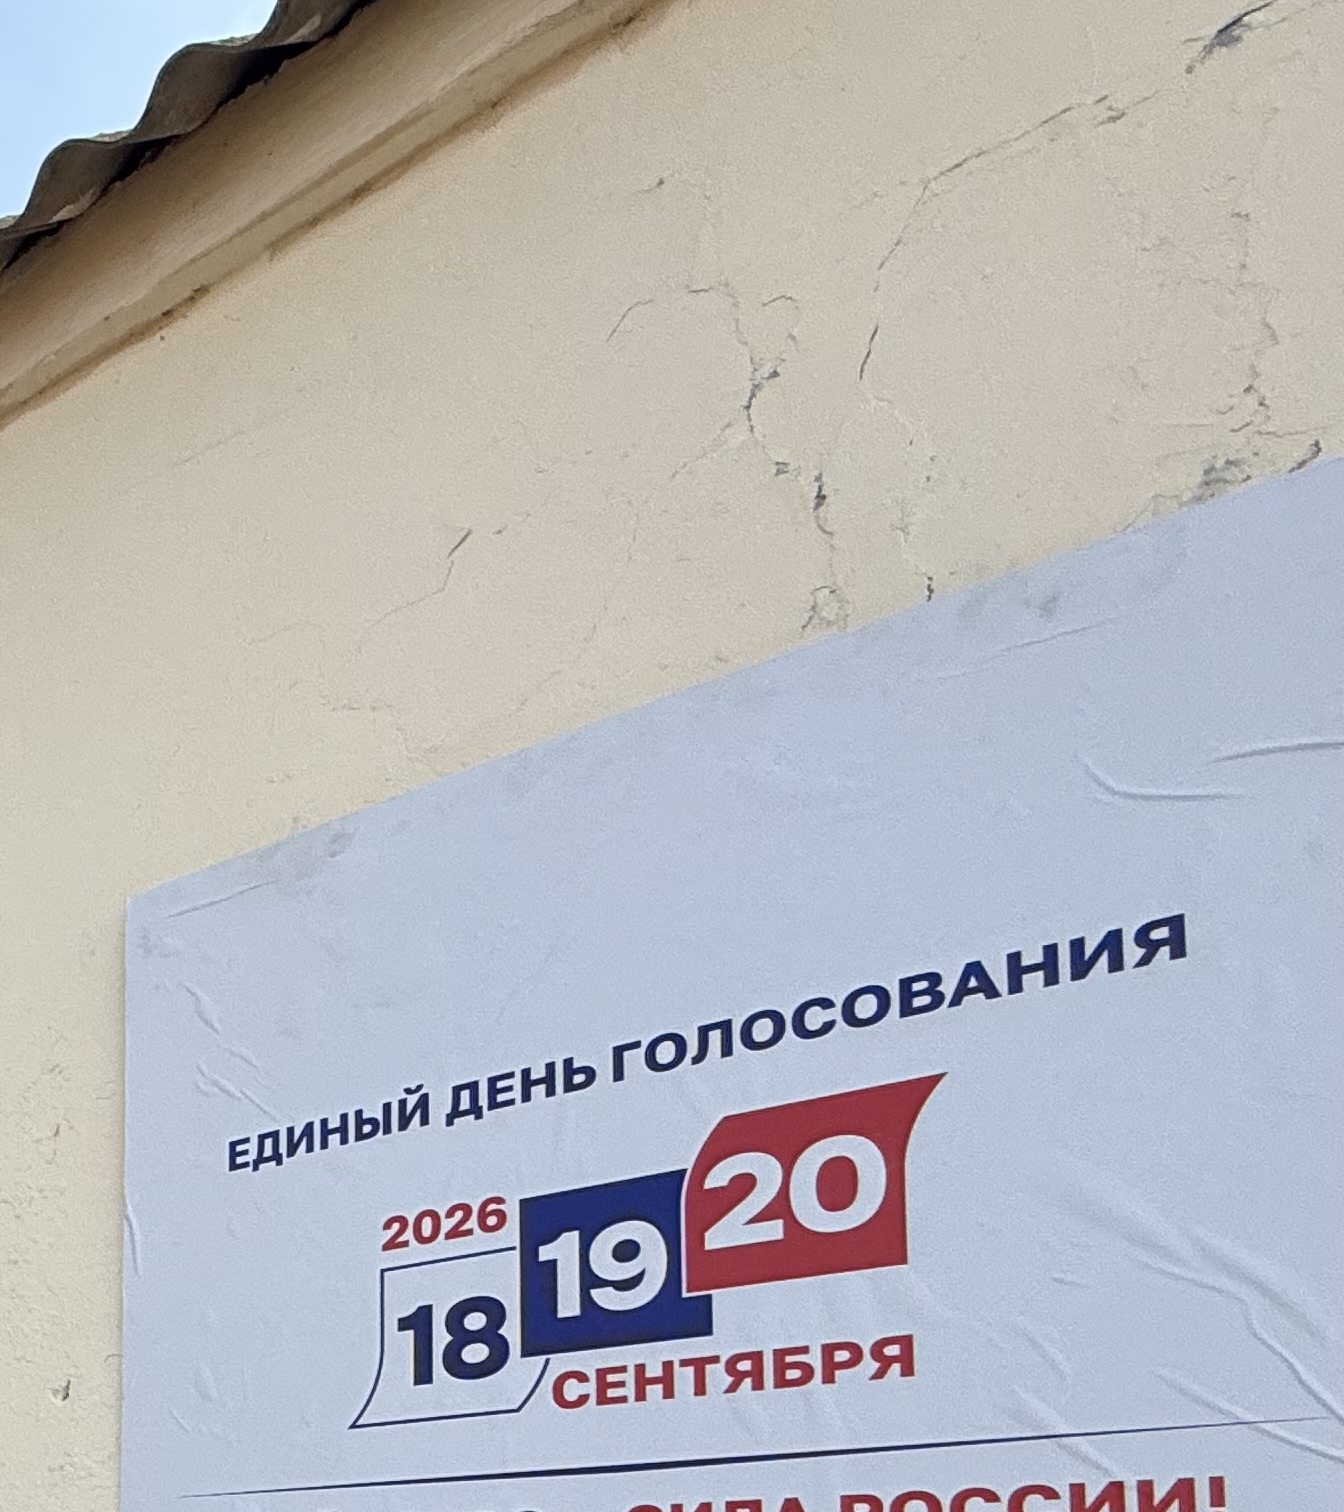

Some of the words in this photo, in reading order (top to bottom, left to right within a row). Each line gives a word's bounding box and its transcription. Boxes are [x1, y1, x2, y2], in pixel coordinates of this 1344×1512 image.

[226, 1082, 431, 1174] ЕДИНЫЙ
[444, 1055, 598, 1129] ДЕНЬ
[611, 911, 1189, 1084] ГОЛОСОВАНИЯ
[380, 1195, 508, 1253] 2026
[396, 1294, 511, 1388] 18
[537, 1217, 670, 1321] 19
[701, 1133, 889, 1251] 20
[551, 1333, 916, 1411] СЕНТЯБРЯ
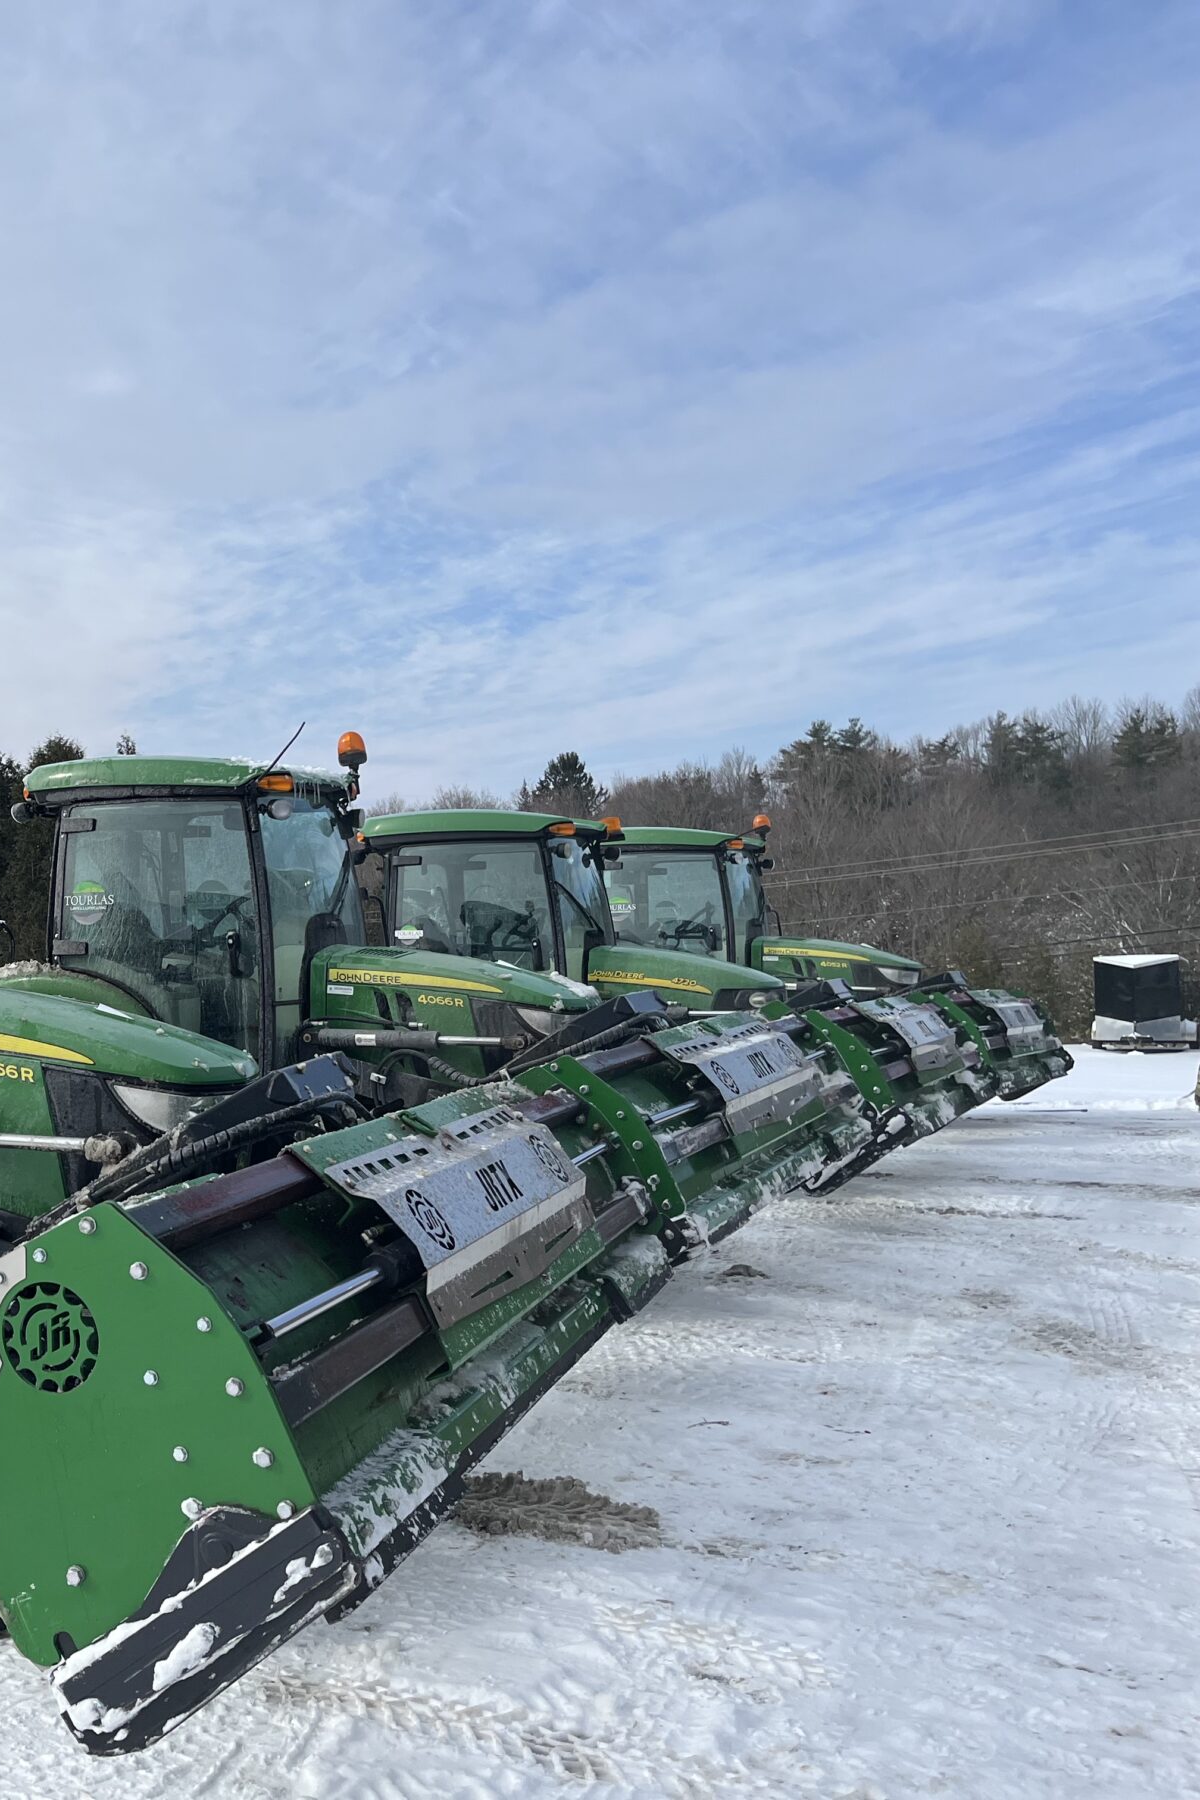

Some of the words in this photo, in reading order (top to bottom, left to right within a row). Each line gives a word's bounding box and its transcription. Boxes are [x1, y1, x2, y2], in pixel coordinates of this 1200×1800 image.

[64, 894, 115, 906] TOURLAS
[333, 971, 362, 982] JOHN
[363, 972, 402, 984] DEERE
[589, 969, 614, 977] JOHN
[614, 970, 645, 980] DEERE
[671, 977, 697, 986] 4720
[474, 1159, 524, 1212] JRTX

■ ■ ■ ■ ■

Exercise:
Only the lines from the one containing "this 1200×1800 image." through the last line of the records belong in the answer, each written out exactly.

Result for this task:
Some of the words in this photo, in reading order (top to bottom, left to right within a row). Each line gives a word's bounding box and its transcription. Boxes are [x1, y1, x2, y2], in pixel coordinates of this 1200×1800 image.

[64, 894, 115, 906] TOURLAS
[333, 971, 362, 982] JOHN
[363, 972, 402, 984] DEERE
[589, 969, 614, 977] JOHN
[614, 970, 645, 980] DEERE
[671, 977, 697, 986] 4720
[474, 1159, 524, 1212] JRTX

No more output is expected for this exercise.